─── Task inputs ───

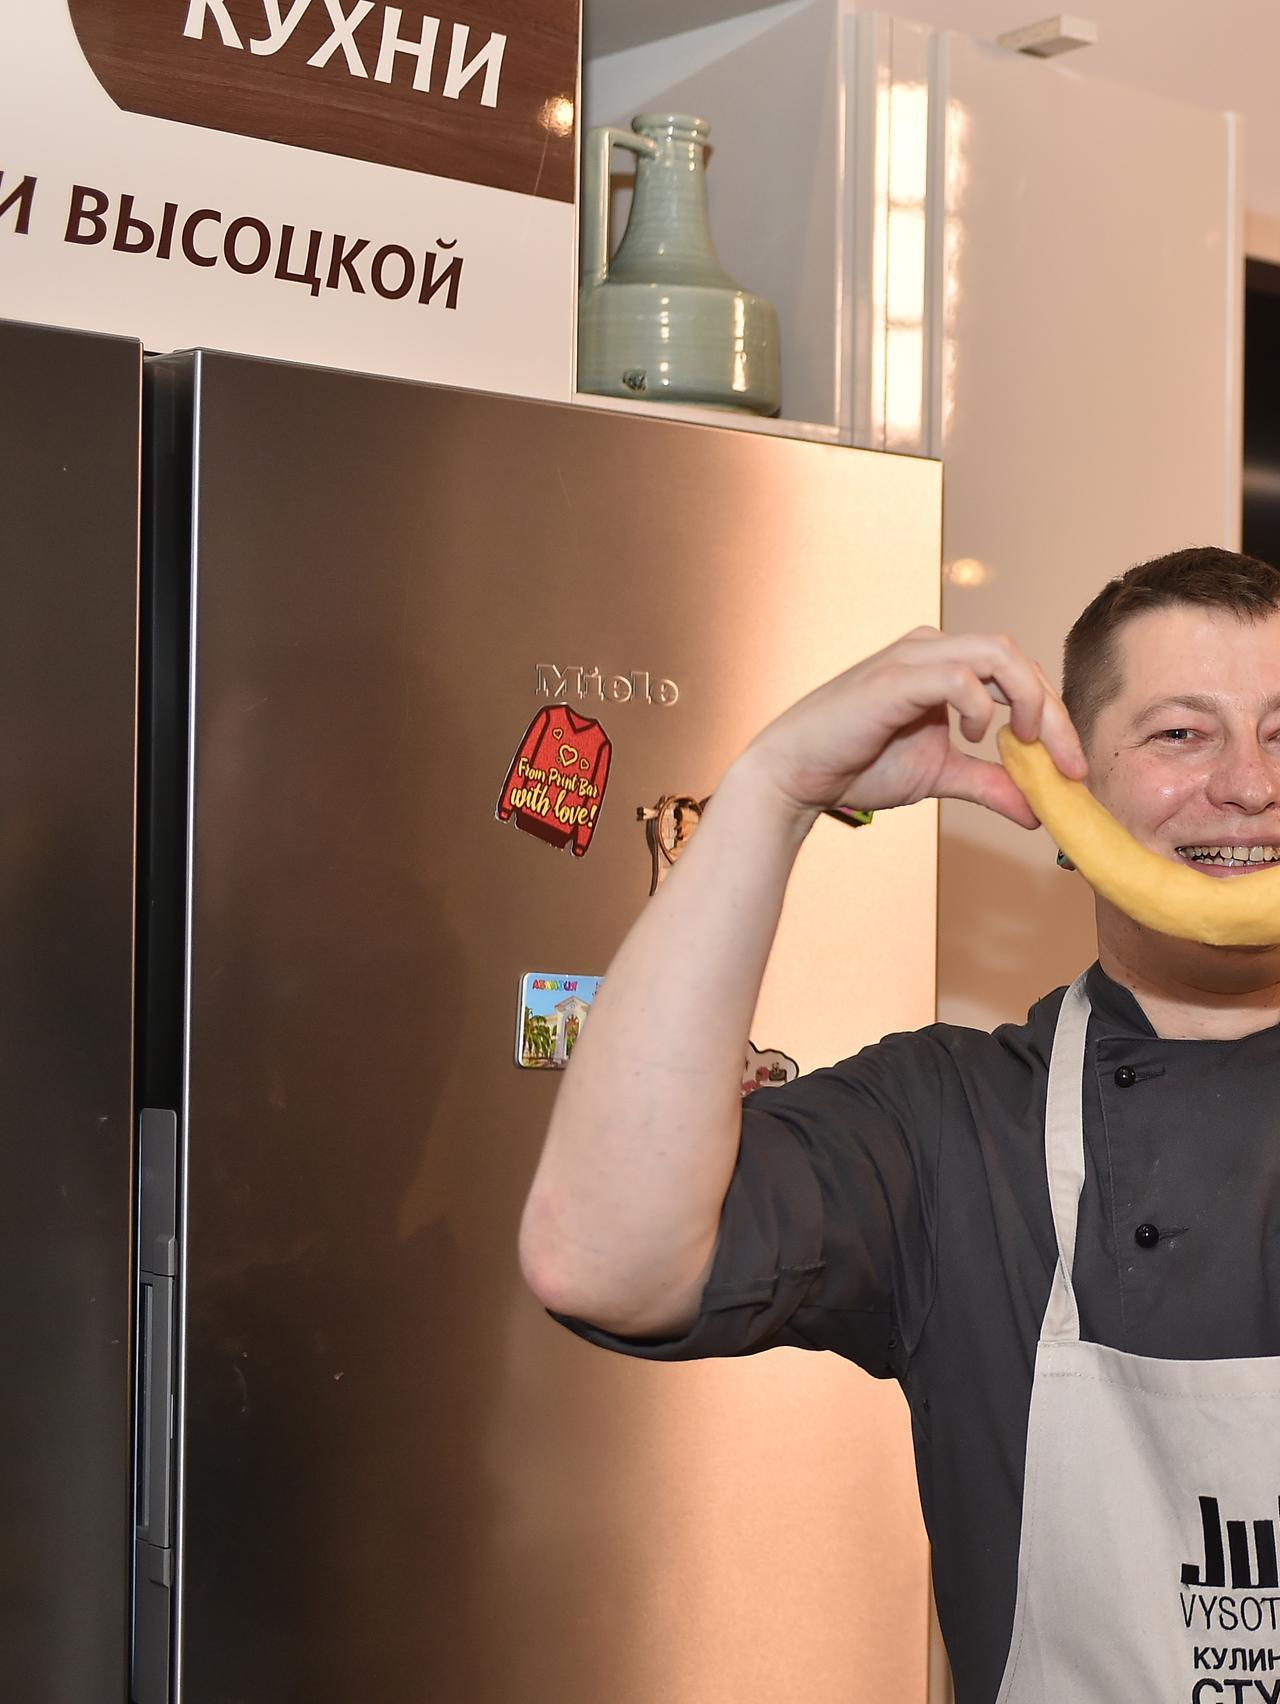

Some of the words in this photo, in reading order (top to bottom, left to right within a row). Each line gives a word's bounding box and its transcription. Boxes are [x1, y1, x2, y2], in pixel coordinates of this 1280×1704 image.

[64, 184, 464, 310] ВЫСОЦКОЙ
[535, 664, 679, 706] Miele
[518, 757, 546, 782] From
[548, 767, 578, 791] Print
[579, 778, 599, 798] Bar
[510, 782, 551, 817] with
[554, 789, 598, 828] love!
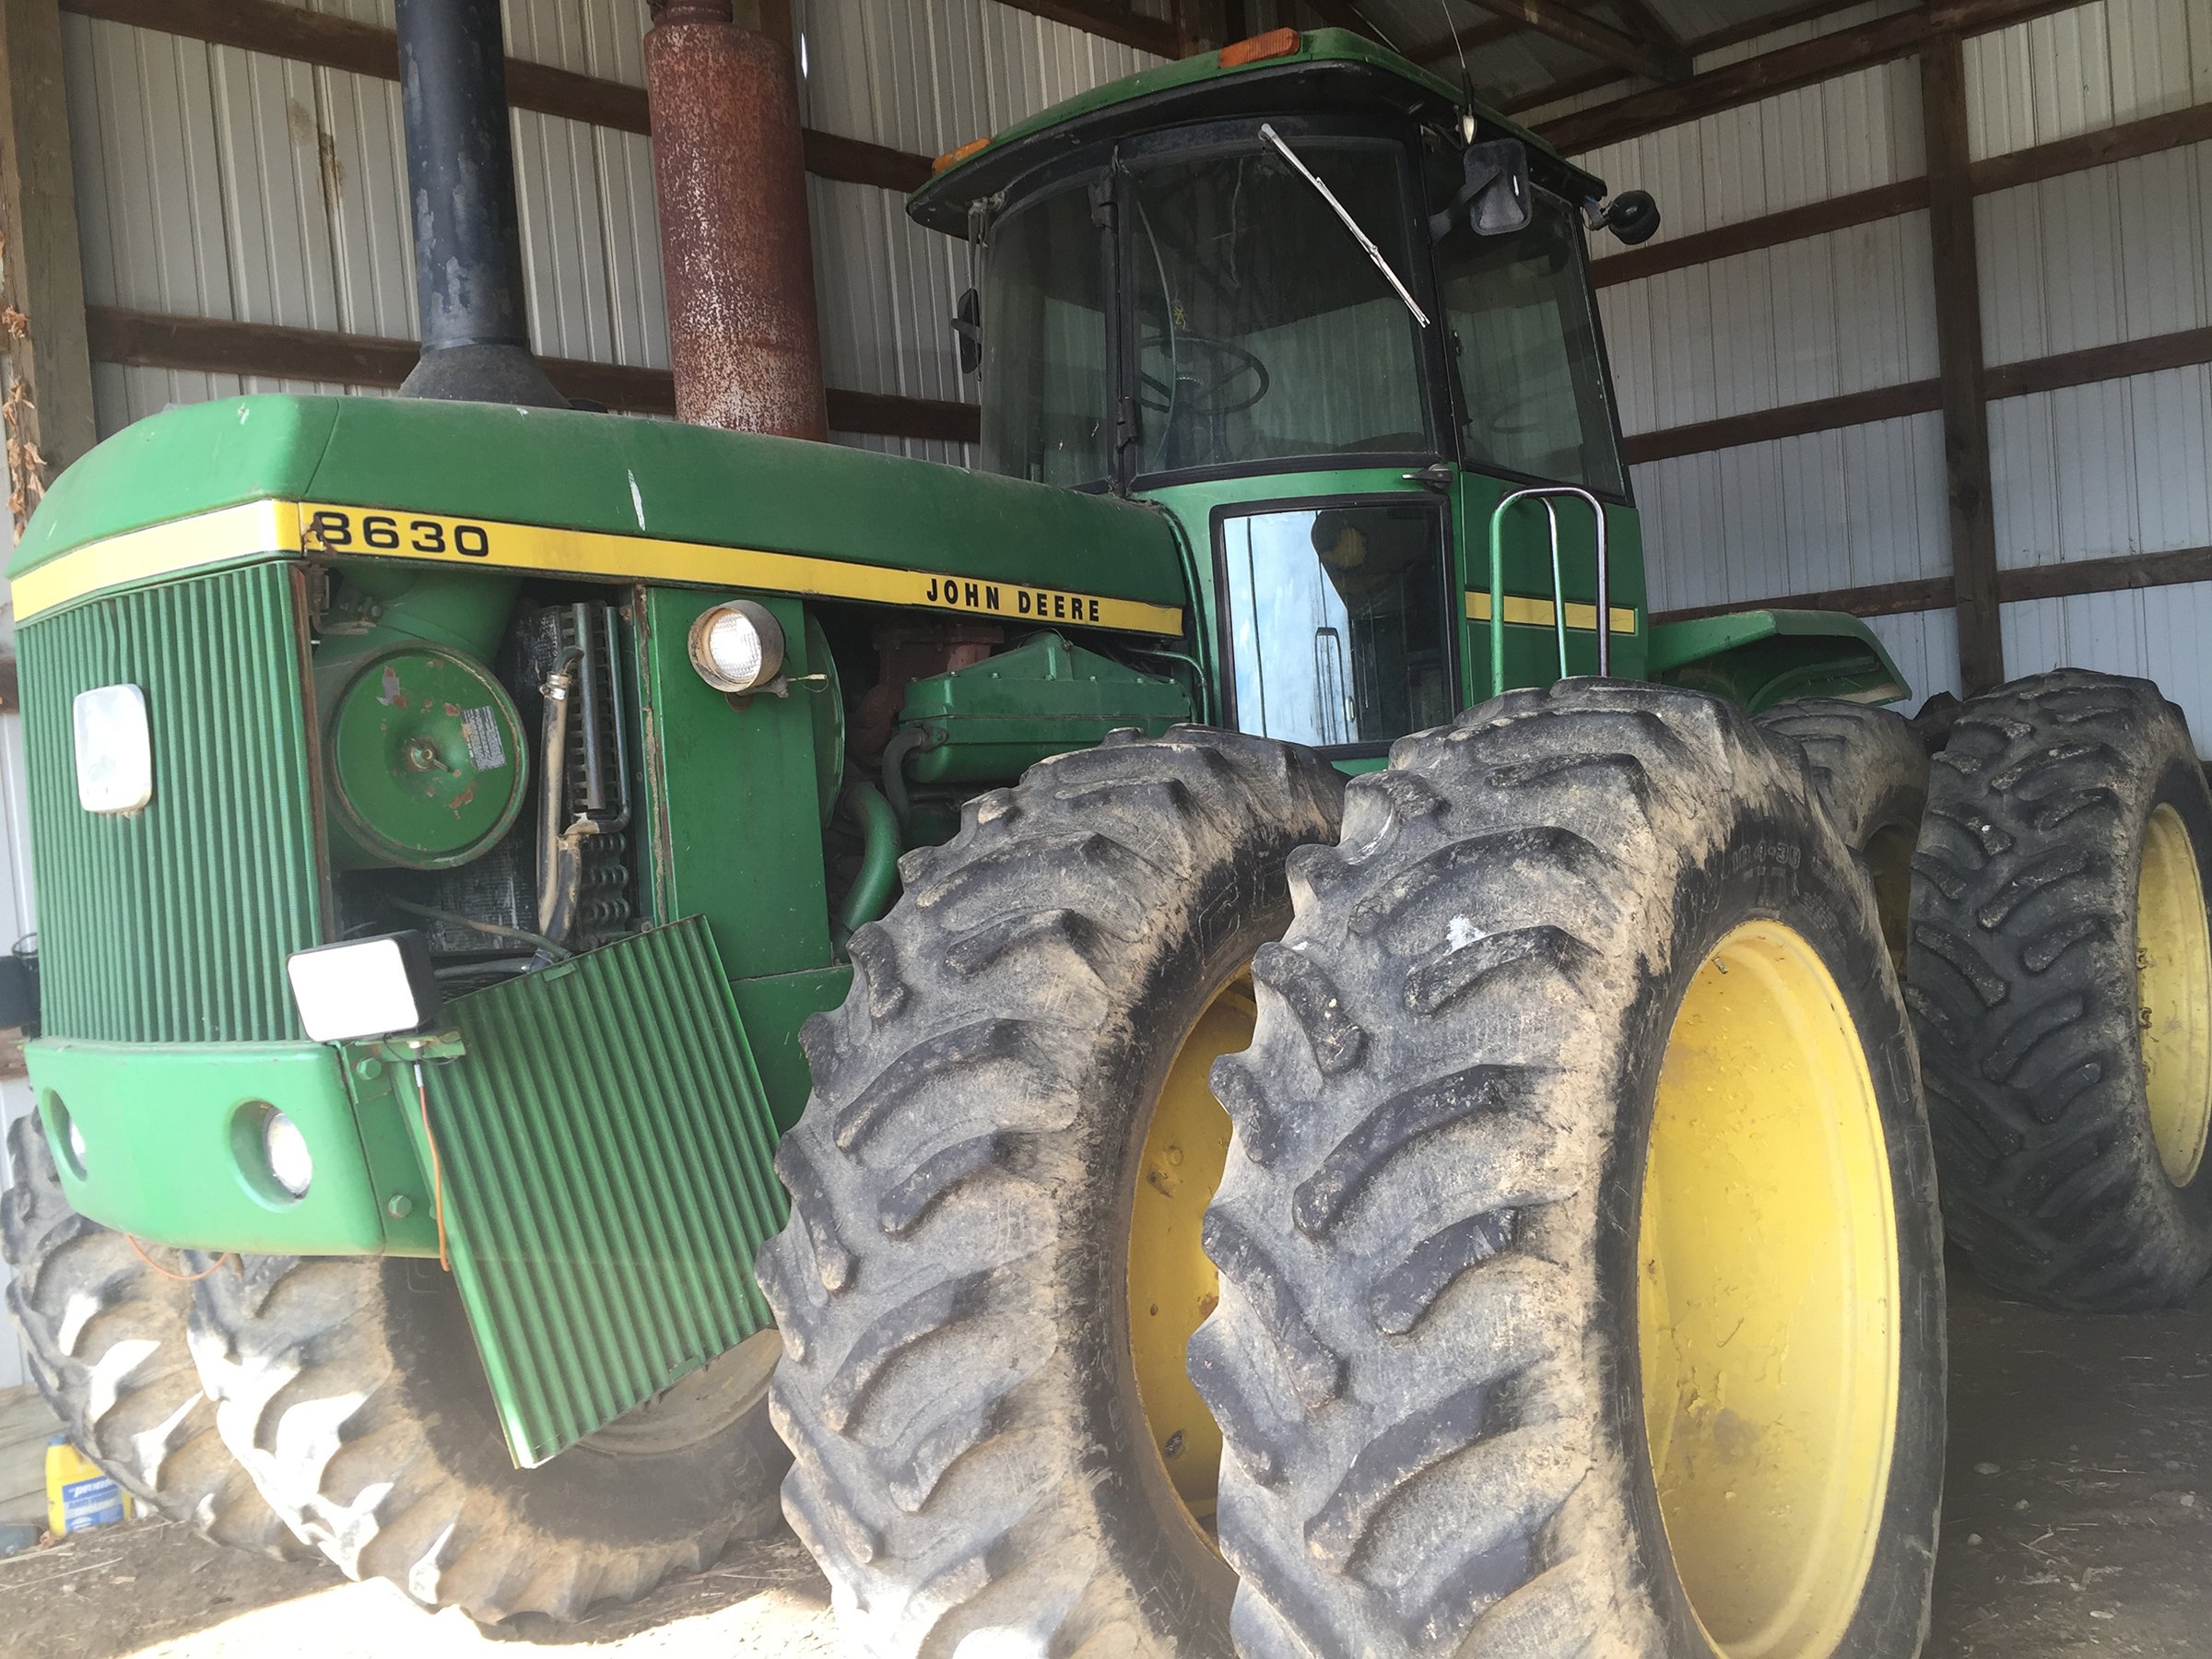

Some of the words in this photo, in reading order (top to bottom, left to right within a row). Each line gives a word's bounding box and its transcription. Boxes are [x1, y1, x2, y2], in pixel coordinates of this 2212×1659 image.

───

What is expected:
An exact printout of the listing is needed, minus any pictures it contains.

Output of the exercise:
Some of the words in this photo, in reading order (top to bottom, left to right within a row). Each line gives a word's bounding box and its transcription. Boxes are [x1, y1, x2, y2], in pixel coordinates of this 1280×1704 image.

[64, 184, 464, 310] ВЫСОЦКОЙ
[535, 664, 679, 706] Miele
[518, 757, 546, 782] From
[548, 767, 578, 791] Print
[579, 778, 599, 798] Bar
[510, 782, 551, 817] with
[554, 789, 598, 828] love!

Some of the words in this photo, in reading order (top to bottom, left to right within a row). Each line gives a word's bounding box and its transcription. Boxes are [x1, y1, x2, y2], in pixel coordinates of this 2212×1659 image.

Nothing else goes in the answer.